Does such an architectural intention cause a novel to lose the charm of its liberty? Its quality of game? But just what is a game, actually? Every game is based on rules, and the stricter the rules, the more the game is a game. As opposed to the chess player, the artist invents his own rules for himself; so when he improvises without rules, he is no freer than when he invents his own system of rules.

Reconciling Rabelais's and Diderot's freedom with the demands of composition, though, presents the twentieth-century novelist with problems different from those that preoccupied Balzac or Dostoyevsky. For example: the third and last of the books that constitute Hermann Broch's novel The Sleepwalkers is a "polyphonic" stream composed of five "voices," five entirely independent lines: neither a common action nor the same characters tie these lines together, and each has a completely different formal nature (A = novel, B = reportage, C = short story, D = poetry, E = essay). In the eighty-eight chapters of the book, these five lines alternate in this strange order: A-A-A-B-A-B-A-C-A-A-D-E-C-A-B-D-C-D-A-E-A-A-B-E-C-A-D-B-B-A-E-A-A-E-A-B-D-G-B-B-D-A-B-E-A-A-B-A-D-A-C-B-D-A-E-B-A-D-A-B-D-E-A-C-A-D-D-B-A-A-C-D-E-B-A-B-D-B-A-B-A-A-D-A-A-D-D-E.

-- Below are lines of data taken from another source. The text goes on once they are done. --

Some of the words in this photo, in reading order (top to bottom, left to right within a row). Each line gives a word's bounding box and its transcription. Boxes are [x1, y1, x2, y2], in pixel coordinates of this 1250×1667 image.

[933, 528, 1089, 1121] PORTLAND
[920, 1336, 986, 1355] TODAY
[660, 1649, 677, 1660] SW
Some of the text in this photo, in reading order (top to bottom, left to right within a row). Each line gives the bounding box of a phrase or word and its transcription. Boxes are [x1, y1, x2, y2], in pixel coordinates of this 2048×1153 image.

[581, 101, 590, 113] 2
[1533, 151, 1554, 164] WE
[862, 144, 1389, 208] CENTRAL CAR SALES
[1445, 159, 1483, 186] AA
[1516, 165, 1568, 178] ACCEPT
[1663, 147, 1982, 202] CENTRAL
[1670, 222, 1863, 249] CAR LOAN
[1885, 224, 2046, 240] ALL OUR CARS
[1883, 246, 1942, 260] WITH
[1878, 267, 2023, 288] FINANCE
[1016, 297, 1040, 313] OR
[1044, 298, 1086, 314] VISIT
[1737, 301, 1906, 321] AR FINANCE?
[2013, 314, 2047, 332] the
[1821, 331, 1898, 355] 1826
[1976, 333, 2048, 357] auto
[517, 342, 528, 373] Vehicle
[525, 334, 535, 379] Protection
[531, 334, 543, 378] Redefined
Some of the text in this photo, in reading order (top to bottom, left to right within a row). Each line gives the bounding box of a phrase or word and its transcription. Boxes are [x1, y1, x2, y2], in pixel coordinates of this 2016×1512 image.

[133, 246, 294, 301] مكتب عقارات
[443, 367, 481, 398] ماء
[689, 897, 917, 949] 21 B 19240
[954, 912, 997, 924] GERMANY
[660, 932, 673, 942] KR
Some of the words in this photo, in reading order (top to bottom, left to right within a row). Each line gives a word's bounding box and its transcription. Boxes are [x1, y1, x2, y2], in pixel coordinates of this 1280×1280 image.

What is it that led Broch to choose precisely this order rather than another? What made him take precisely line B in the fourth chapter and not C or D? Not the logic of the characters or of the action, for there is no action common to these five lines. He was guided by other criteria: by the charm that comes from surprising juxtaposition of the different forms (verse, narration, aphorisms, philosophical meditations); by the contrast of different emotions pervading the different chapters; by the variety of the chapters' lengths; finally, by the development of the same existential questions, reflected in the five lines as in five mirrors.